* [WORK INSTRUCTIONS]:
Please give back each line below unchanged; none of the pictures should appear.

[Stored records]
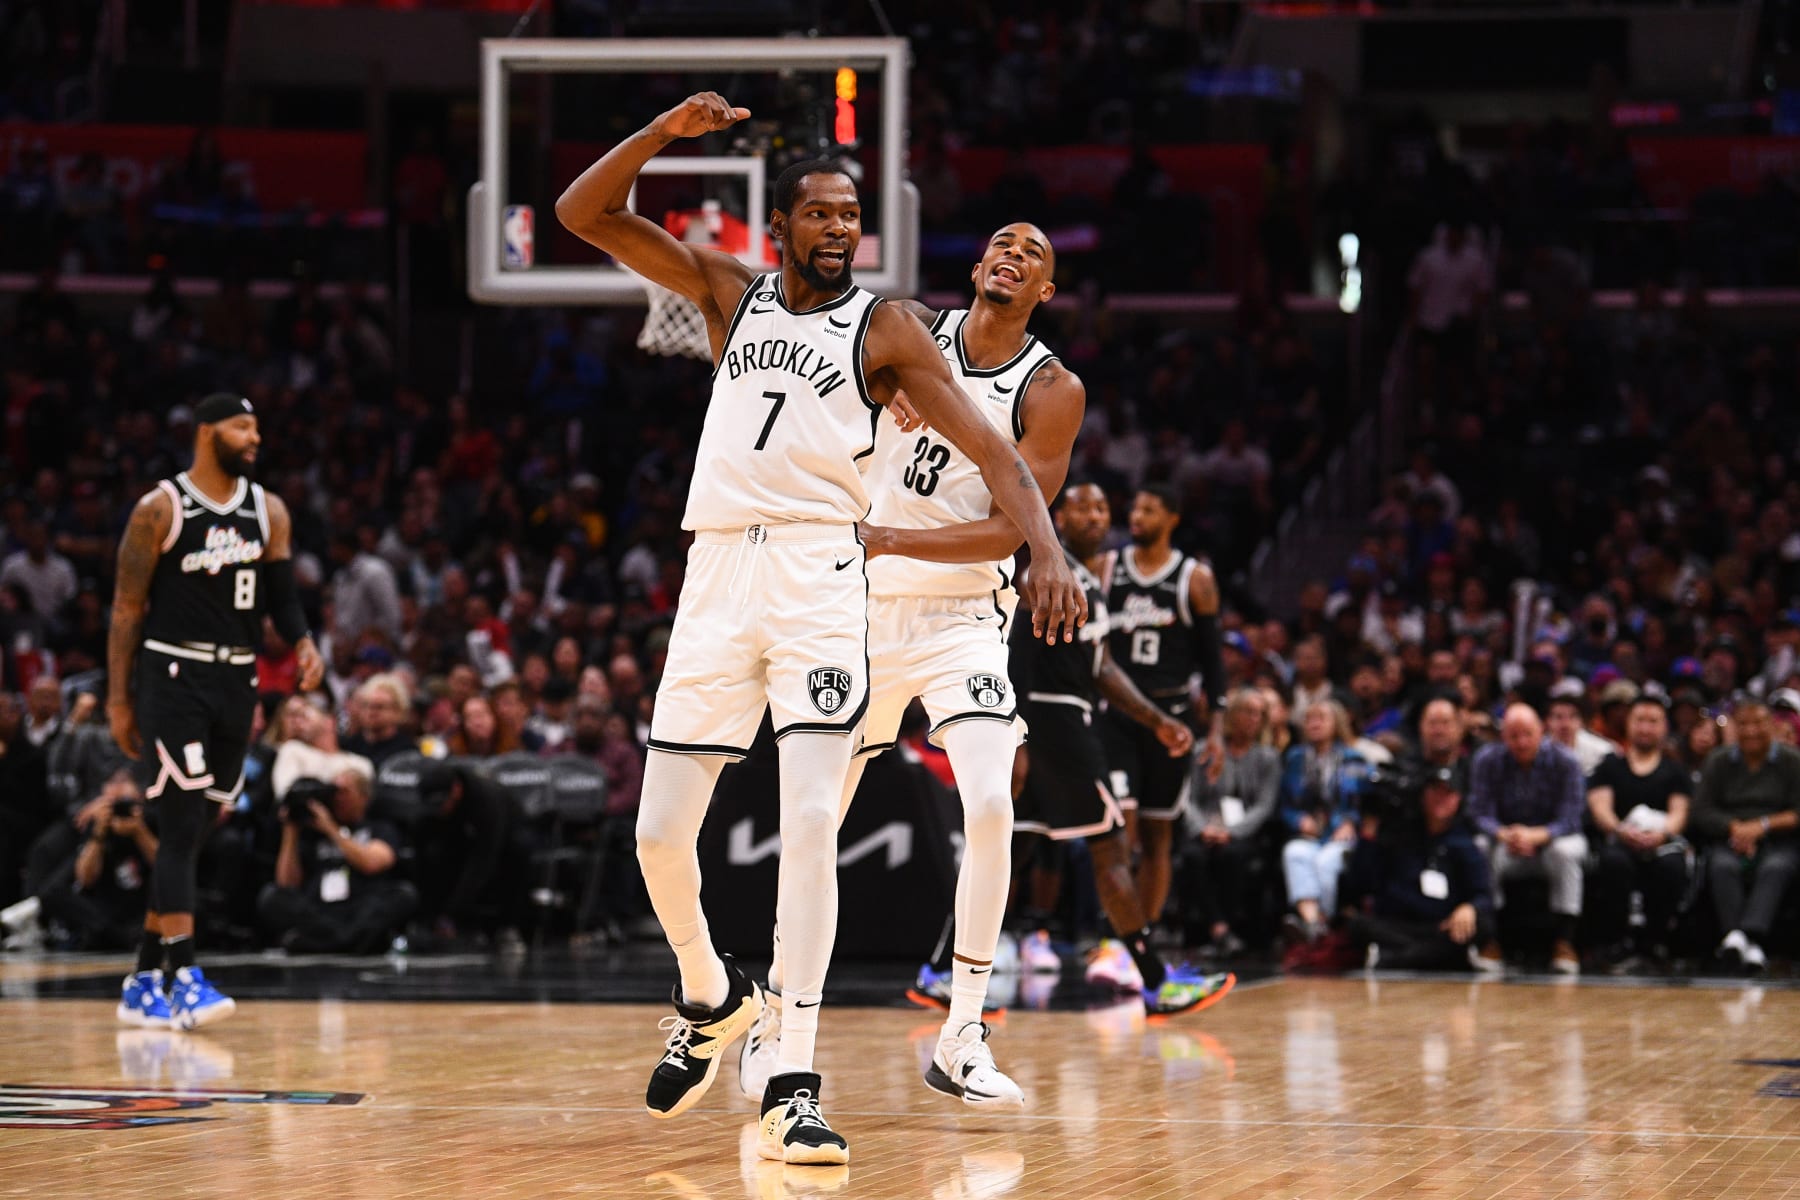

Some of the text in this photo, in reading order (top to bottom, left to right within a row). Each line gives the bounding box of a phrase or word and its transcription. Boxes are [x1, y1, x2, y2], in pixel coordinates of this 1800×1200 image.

[758, 292, 773, 301] 6
[823, 327, 847, 340] Webull
[937, 336, 949, 350] 6
[727, 340, 847, 399] BROOKLYN
[753, 391, 786, 451] 7
[903, 436, 950, 497] 33
[233, 568, 257, 611] 8
[810, 670, 849, 691] NETS
[970, 675, 1005, 695] NETS
[825, 691, 833, 708] B
[985, 691, 993, 704] B

* [RESULT OF THE EXERCISE]:
Some of the text in this photo, in reading order (top to bottom, left to right within a row). Each line gives the bounding box of a phrase or word and its transcription. Boxes are [x1, y1, x2, y2], in pixel coordinates of this 1800×1200 image.

[758, 292, 773, 301] 6
[823, 327, 847, 340] Webull
[937, 336, 949, 350] 6
[727, 340, 847, 399] BROOKLYN
[753, 391, 786, 451] 7
[903, 436, 950, 497] 33
[233, 568, 257, 611] 8
[810, 670, 849, 691] NETS
[970, 675, 1005, 695] NETS
[825, 691, 833, 708] B
[985, 691, 993, 704] B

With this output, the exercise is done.